Día de los Difuntos
El día de los Muertos, tiene su origen en antiguos ritos paganos. Hoy en día, se caracteriza por la numerosa concurrencia de las familias a los cementerios y el recuerdo respetuoso de los familiares fallecidos.
Sin embargo, en Ecuador se guarda una notable costumbre donde las tradiciones de las culturas aborígenes y ritos católicos se han fusionado de una manera única.
Varios días antes del 2 de noviembre, fecha oficial de la celebración, en el interior de los hogares ecuatorianos se preparan dos platos autóctonos, se trata de las "guaguas de pan" y la "colada morada".
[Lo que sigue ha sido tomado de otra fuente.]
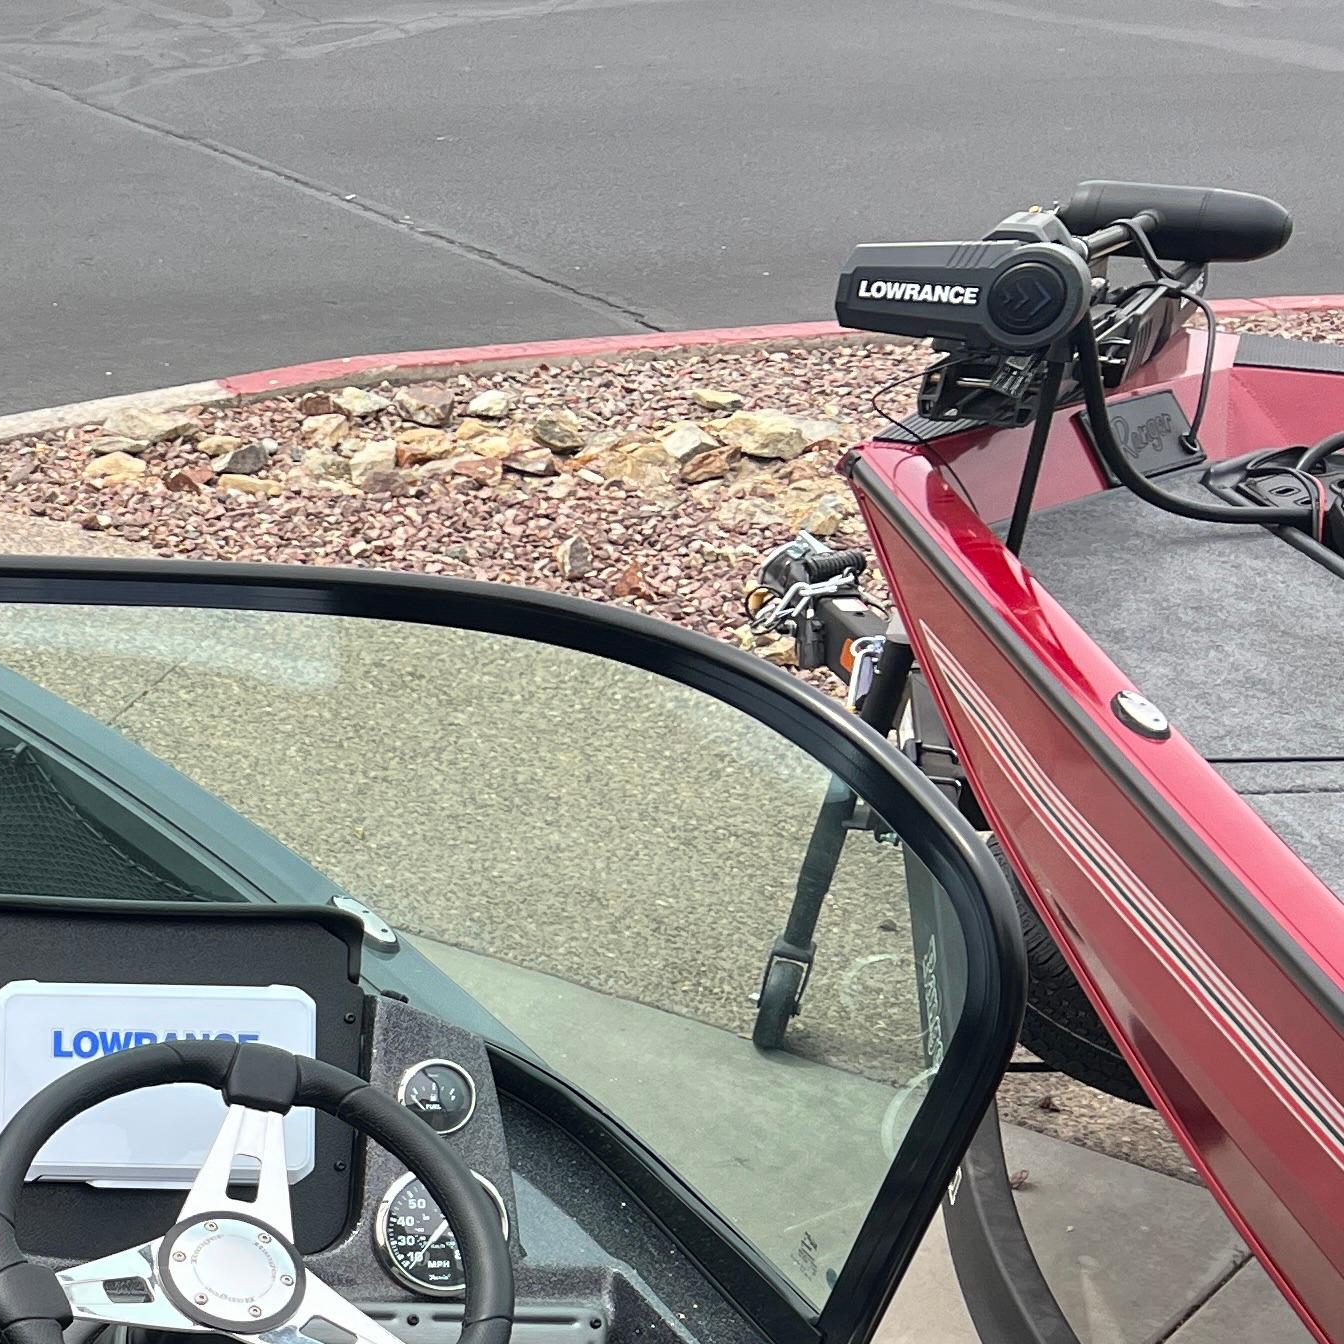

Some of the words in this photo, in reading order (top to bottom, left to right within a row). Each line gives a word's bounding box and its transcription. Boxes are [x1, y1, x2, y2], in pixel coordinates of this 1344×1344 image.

[858, 280, 979, 304] LOWRANCE
[408, 1199, 426, 1209] 50
[396, 1216, 415, 1226] 40
[397, 1236, 416, 1246] 30
[427, 1260, 451, 1268] MPH
La colada morada es una bebida espesa que incluye hierbas aromáticas, harina de maíz fermentada, miel de azúcar, trozos de frutas dulces, mora, mortiño (un tipo de arándano que se da en los páramos) y como elementos obligatorios están el ishpingo, flor de canela, el ataco y hojas de arrayán.
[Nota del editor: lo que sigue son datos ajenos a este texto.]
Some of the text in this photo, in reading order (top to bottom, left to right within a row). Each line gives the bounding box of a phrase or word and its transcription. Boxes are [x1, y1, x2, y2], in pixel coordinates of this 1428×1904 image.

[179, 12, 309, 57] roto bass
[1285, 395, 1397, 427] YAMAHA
A pesar de ser típico de la región andina, el maíz negro -base del potaje-, se utiliza únicamente en Ecuador para su preparación y se atribuye su uso a antiguos ritos indígenas.
La colada se acompaña con pan en figuras humanas o guaguas de pan y en el pasado se podía encontrar formas animales también. Este pan, rico en manteca y mantequilla, se cubre con pasta de azúcar y debido a que usa trigo, se especula que su origen es europeo.
Aunque no existe documentación precisa el significado de ambos, lo que sí es claro es que estos platos se preparan exclusivamente en Ecuador. En distintos rincones del país existen otras ceremonias.
Por ejemplo, en las comunidades andinas, los campesinos acostumbran a comer sobre los sepulcros otros platillos típicos de la región como mote, habas, cuyes asados y chicha.
El Día de los Muertos es otra de las innumerables celebraciones que demuestra la megadiversidad cultural que caracterizan al país.